Aziza, Aunt Hana’s sixteen-year-old daughter, also says women should have as many children as possible, but not for religious or health reasons. She believes, “The more Jewish children there are, the more people for the Israeli Army.”

Marzana. Her name is Arabic and refers to a kind of fish which is supposedly good luck.
Marzana. Her name is Arabic and refers to a kind of fish which is supposedly good luck.

The young look forward to going to Israel, but leaving is hard on the older ones. They are proud of their ancient Djerban heritage. Many have stayed this long because they like life in Djerba. They feel compelled to leave only now that they are becoming a minority in the hara as other Jews leave and Muslims take their place.

Israel to them does not offer the hope it does the youth (although they do think it offers them more security than living as a minority group in Arab Tunisia). Whitewashing their homes for Passover even though they know that before the year is out, they will abandon them for Israel is a brave, dramatic, though vain gesture to stave off what to them must seem somewhat like a death sentence. Although the rich and young might have illusions of returning to Tunisia for a vacation, the poor and old like Siddron and Hana know that they are going to Israel once and for all. They are going to die in Israel not to find a new future.

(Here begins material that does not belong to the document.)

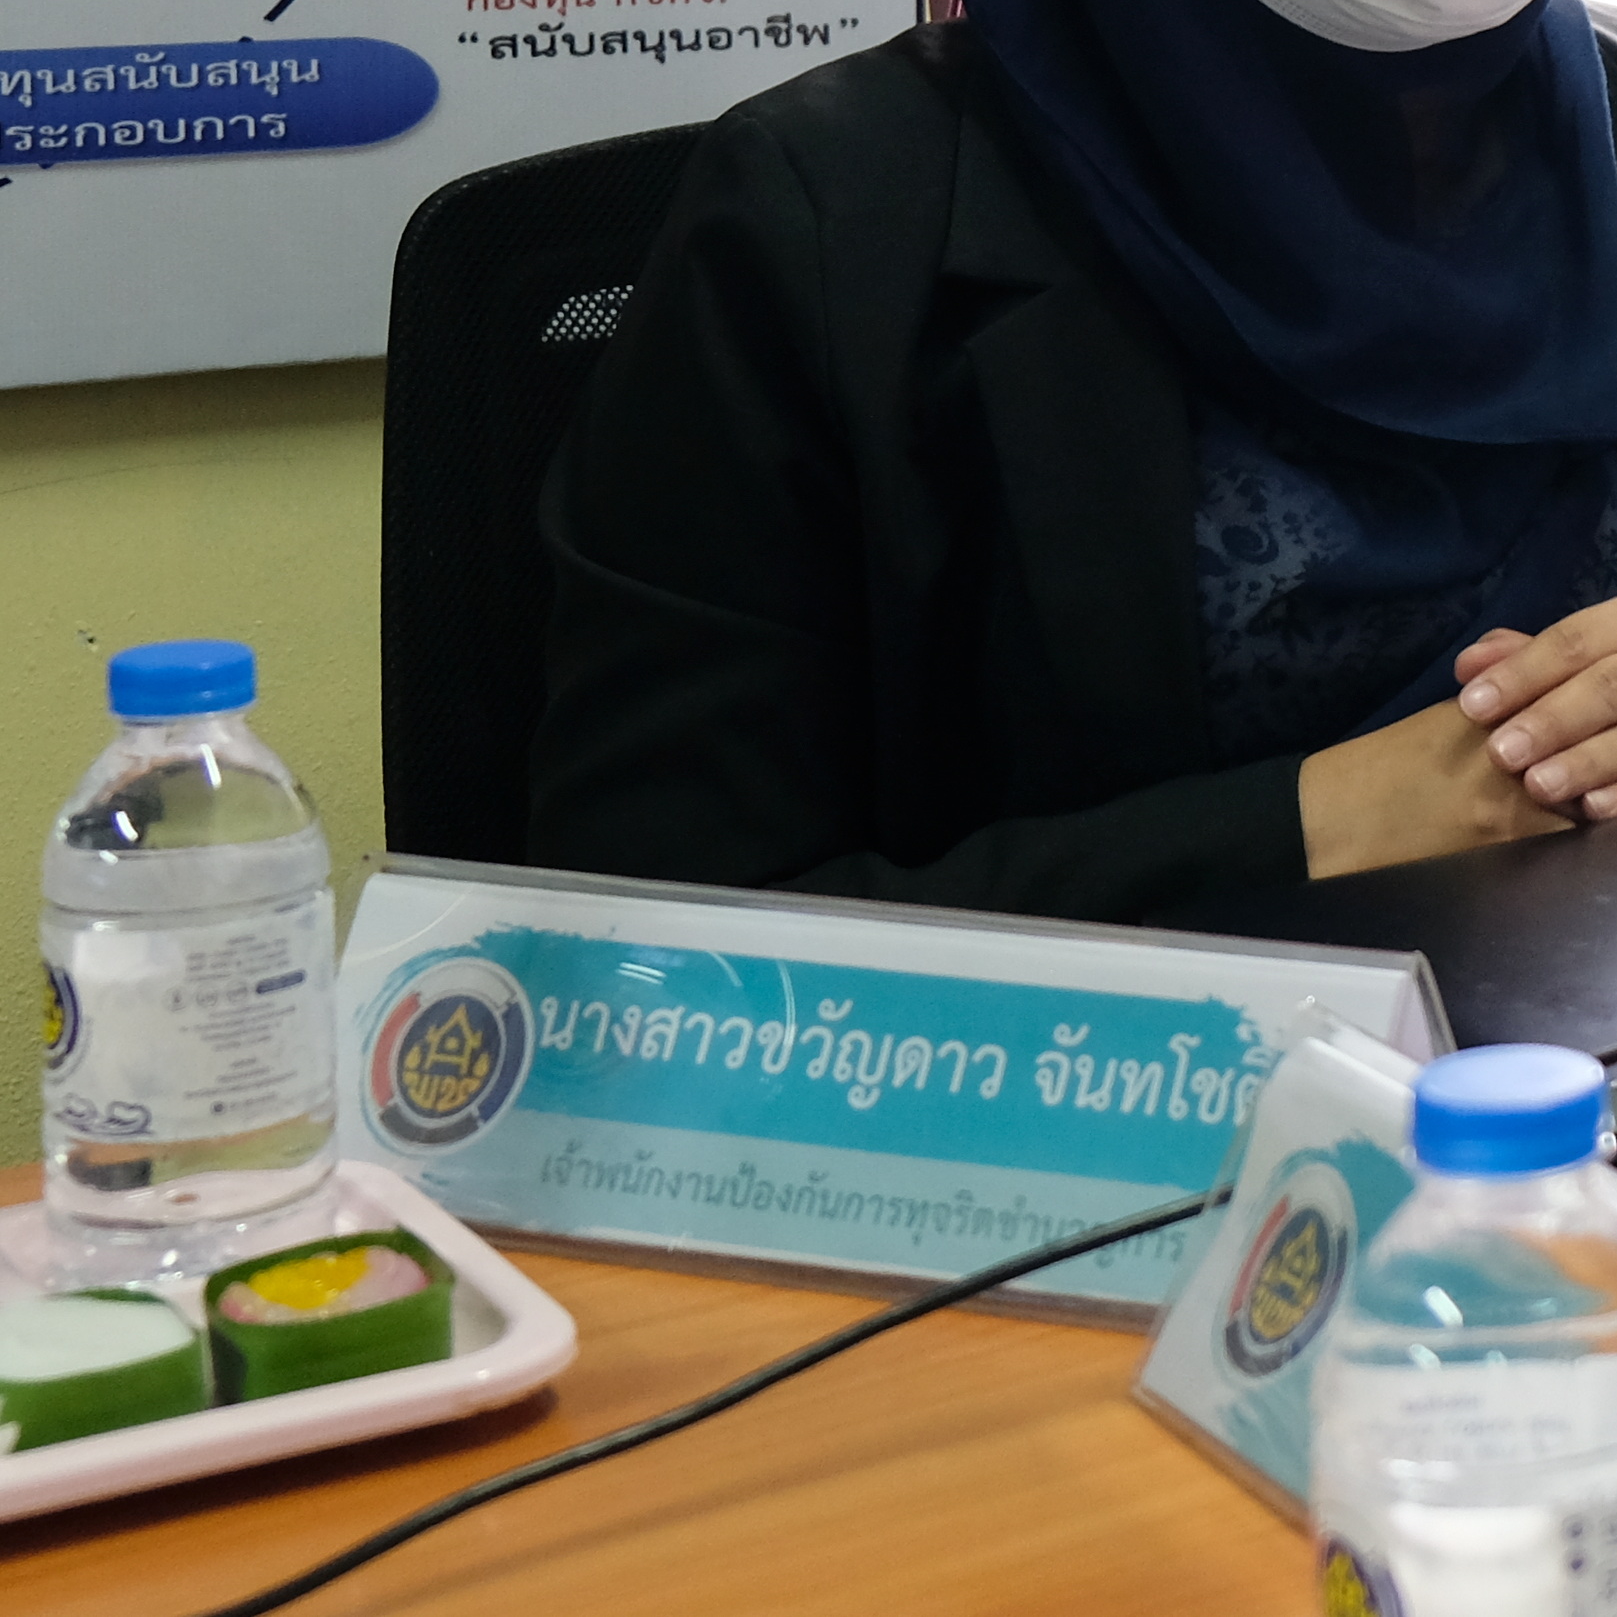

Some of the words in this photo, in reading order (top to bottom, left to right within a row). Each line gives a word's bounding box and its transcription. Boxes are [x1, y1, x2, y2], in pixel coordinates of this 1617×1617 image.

[540, 995, 1007, 1111] นางสาวขวัญดาว

Someone asks Siddron if he is happy to go to Israel. He makes an attempt to lift his eyelids and show some enthusiasm. How can he answer yes? Every spring flower he sees, every act of Passover he performs is done for the last time in Djerba. What makes him happy is the thought of having a lamb slaughtered for the Passover feast, making a special trip to the market town to select just the right pottery dish for the chometz, and searching for the chometz.


One day during Passover, Siddron and I were sitting on the ground in Michael Cohen’s courtyard. Hana and her daughters were making sausages nearby. The night before, Siddron had related the Exodus tale at the Seder. Other Djerban Jews had told me the old legends of their ancient origins and the story of the Ghriba synagogue. And Michael Cohen had spun the tale of the young boy who had left the hara eight years ago and who had changed his personality in Israel.

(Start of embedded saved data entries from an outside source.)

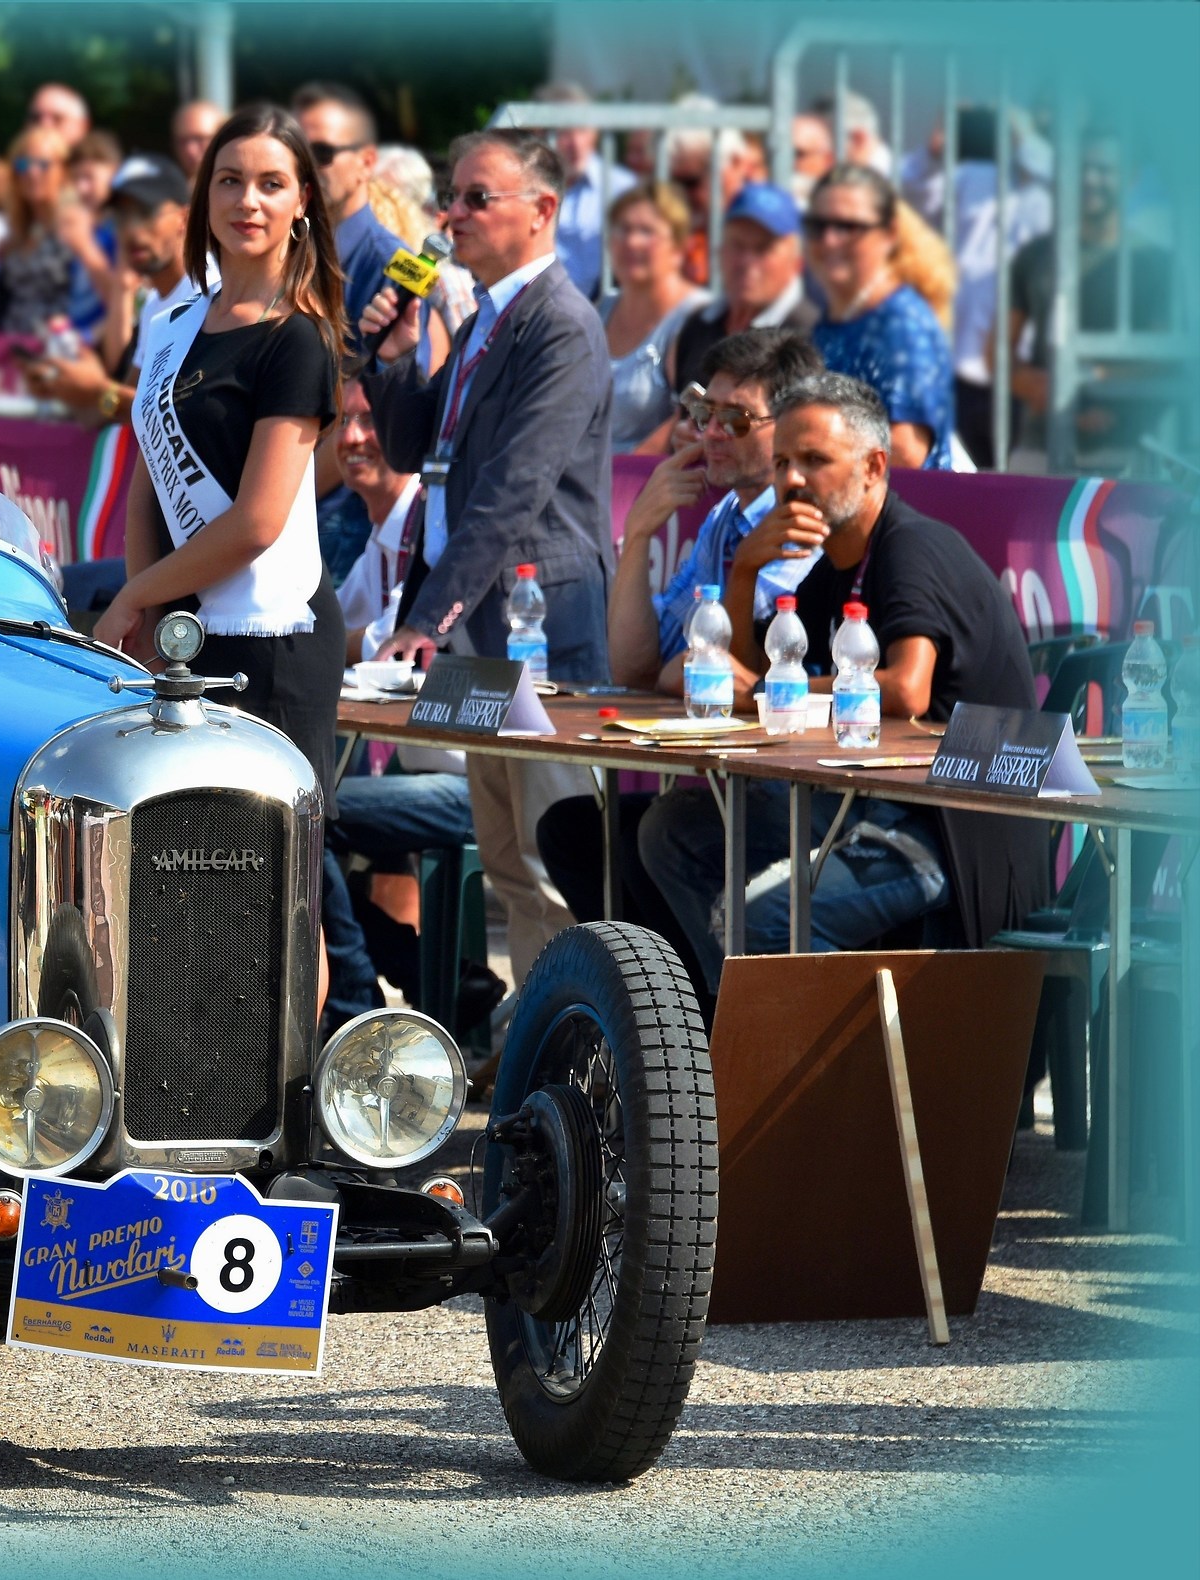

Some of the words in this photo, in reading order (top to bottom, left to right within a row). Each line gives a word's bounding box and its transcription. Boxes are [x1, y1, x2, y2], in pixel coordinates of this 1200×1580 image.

[158, 371, 206, 487] DUCATI
[158, 446, 181, 500] PRIX
[172, 489, 208, 542] MOT
[412, 701, 452, 723] GIURIA
[931, 755, 981, 782] GIURIA
[155, 849, 260, 871] AMILCAR
[23, 1238, 77, 1267] GRAN
[88, 1216, 163, 1251] PREMIO
[218, 1237, 255, 1293] 8
[84, 1332, 99, 1342] Red
[99, 1335, 115, 1344] Bull
[126, 1342, 206, 1359] MASERATI

This time, Siddron asked me to read him a story – a newspaper article about the Arab-Israeli conflict. In the newspaper there were two war photographs – one of American soldiers in Vietnam and one of Israeli soldiers on the Suez Canal. If the captions under the two pictures had been switched, one would never know which soldiers were which nationality. But Siddron peered long and hard at the picture of the Israeli soldiers decked out with the latest weapons of war. Siddron touched the photograph trying to feel, communicate somehow bridge the gap between these modern Israeli Jews and himself. Siddron feels more akin to the past and Children of Israel in the Bible than to his Israeli contemporaries.

How can Siddron feel entirely happy about being “‘Next Year in Jerusalem?”

Received in New York on July 22, 1971.

©1971 Paula Stern


Paula Stern, a free-lance writer, is an Alicia Patterson Fund award winner. This article may be published with credit to Ms. Stern and the Alicia Patterson Fund.